De Finse regering en de Commissie zijn het eens met de zienswijze van verzoekster in het hoofdgeding, zoals uiteengezet in punt 33 hierboven.
38.
Volgens de rechtspraak moeten de op vrijstellingen betrekking hebbende bepalingen van richtlijn 2003/96 autonoom worden uitgelegd op basis van hun bewoordingen en de doelstellingen van deze richtlijn.15.
39.
Ik zal dan ook beginnen met een onderzoek van de bewoordingen van artikel 14, lid 1, onder a), en artikel 15, lid 1, onder c), van richtlijn 2003/96, waaruit naar mijn mening niet valt op te maken of deze bepalingen samen moeten worden toegepast.

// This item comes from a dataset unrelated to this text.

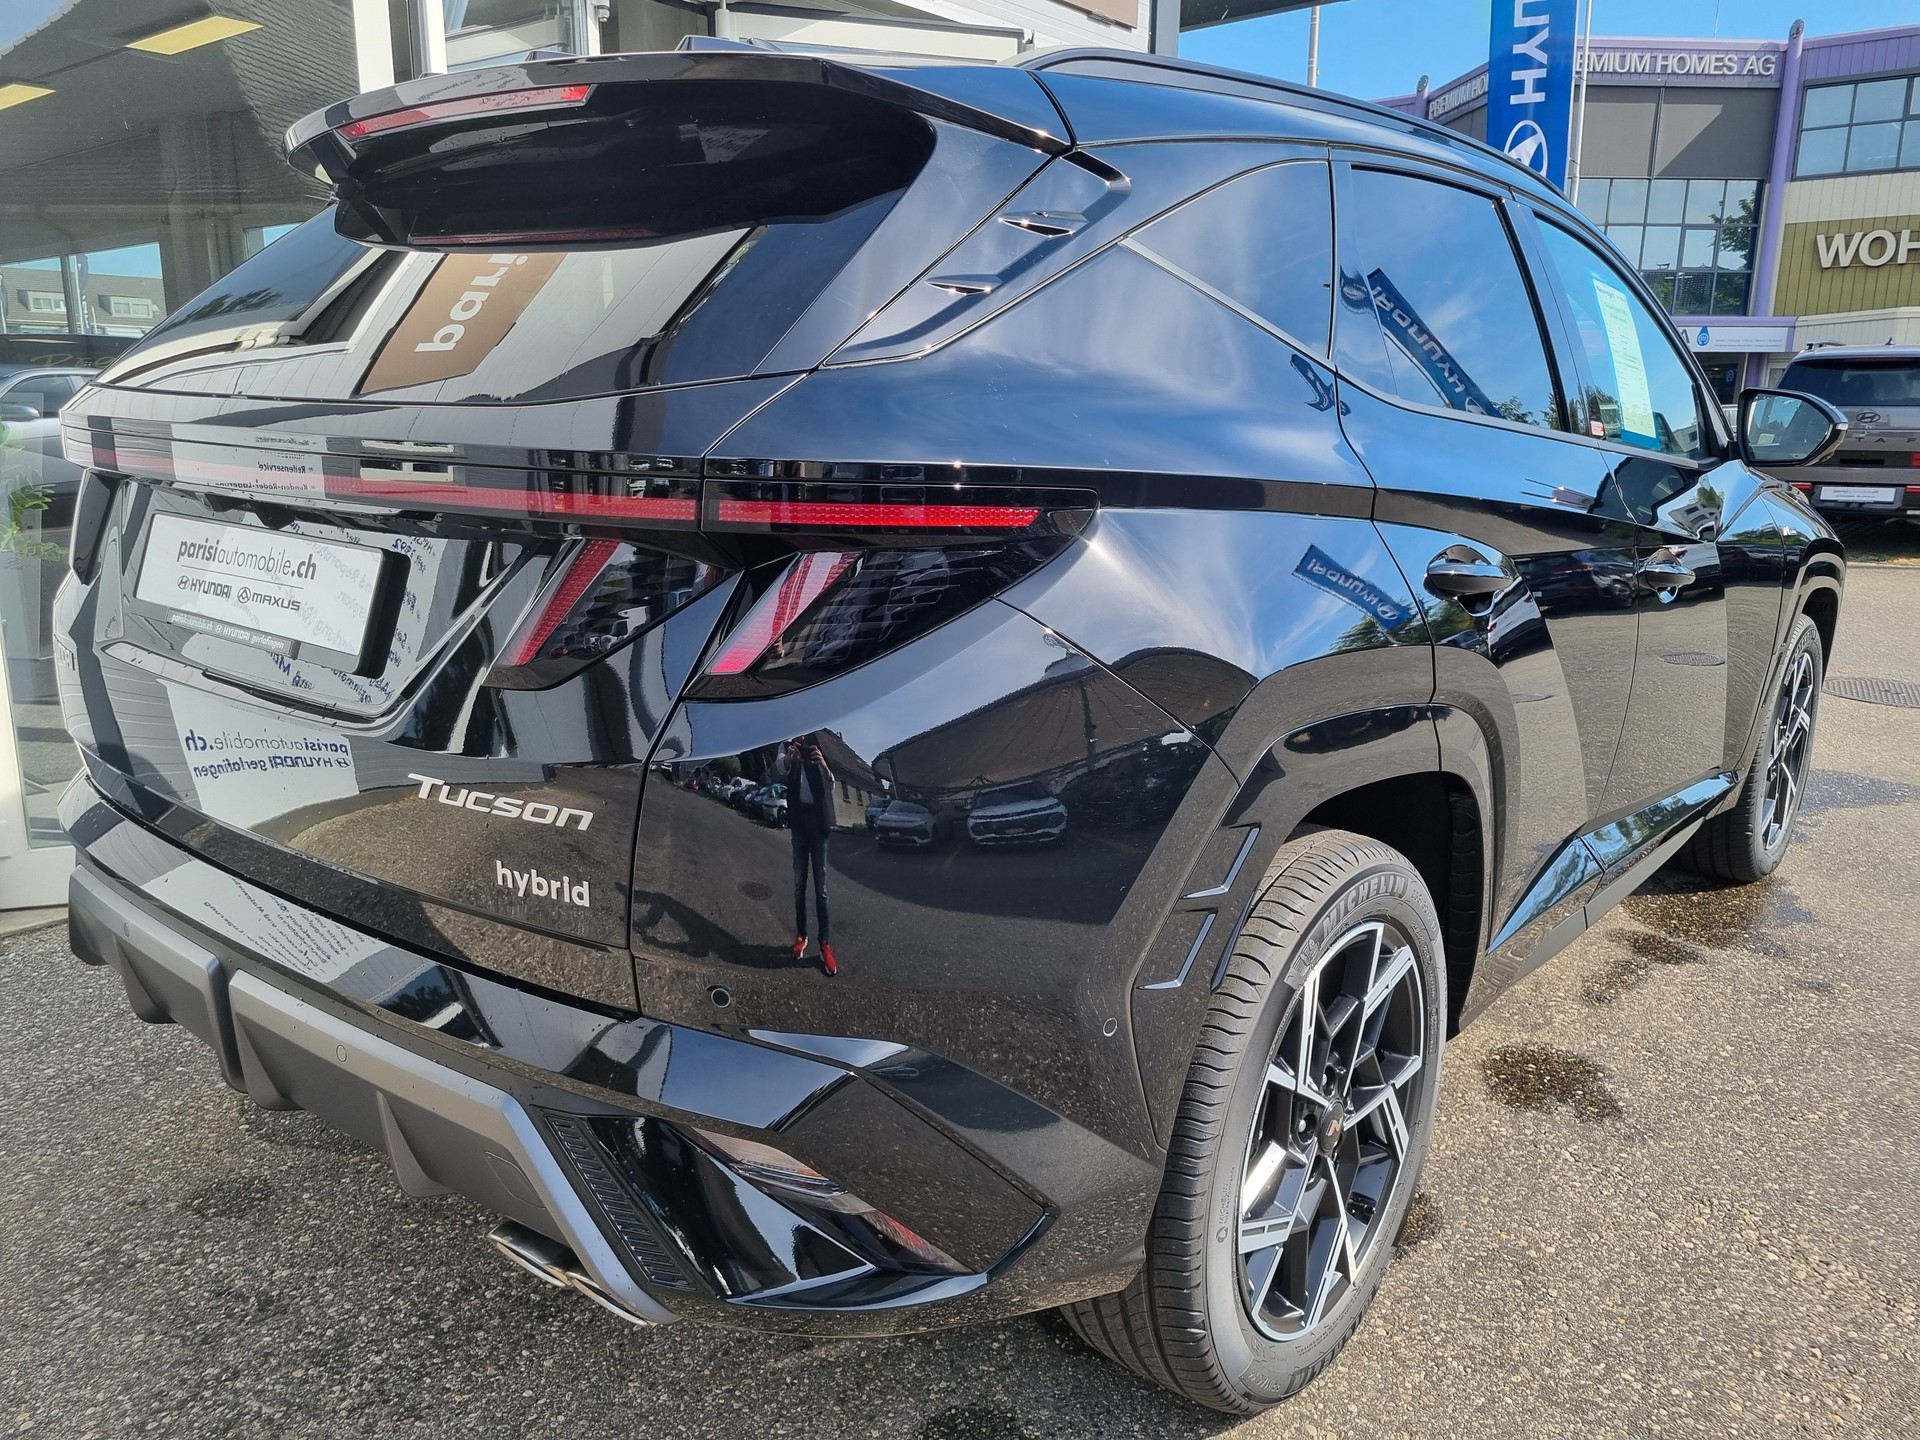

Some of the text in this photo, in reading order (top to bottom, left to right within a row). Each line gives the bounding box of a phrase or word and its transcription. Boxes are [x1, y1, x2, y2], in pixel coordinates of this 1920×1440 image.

Daarna zal ik nagaan of richtlijn 2003/96 een dubbele belastingheffing op elektriciteit beoogt te voorkomen, wat volgens mij het geval is (met milieumaatregelen als enige uitzondering) en tot de conclusie leidt dat artikel 14, lid 1, onder a), van deze richtlijn van toepassing is op het deel van de energieproducten dat wordt gebruikt voor de productie van elektriciteit. Tot slot zal ik aantonen dat deze uitlegging van artikel 14, lid 1, onder a), van richtlijn 2003/96 recht doet aan de doelstellingen van deze richtlijn, namelijk bevordering van de goede werking van de interne markt en verbetering van de milieubescherming.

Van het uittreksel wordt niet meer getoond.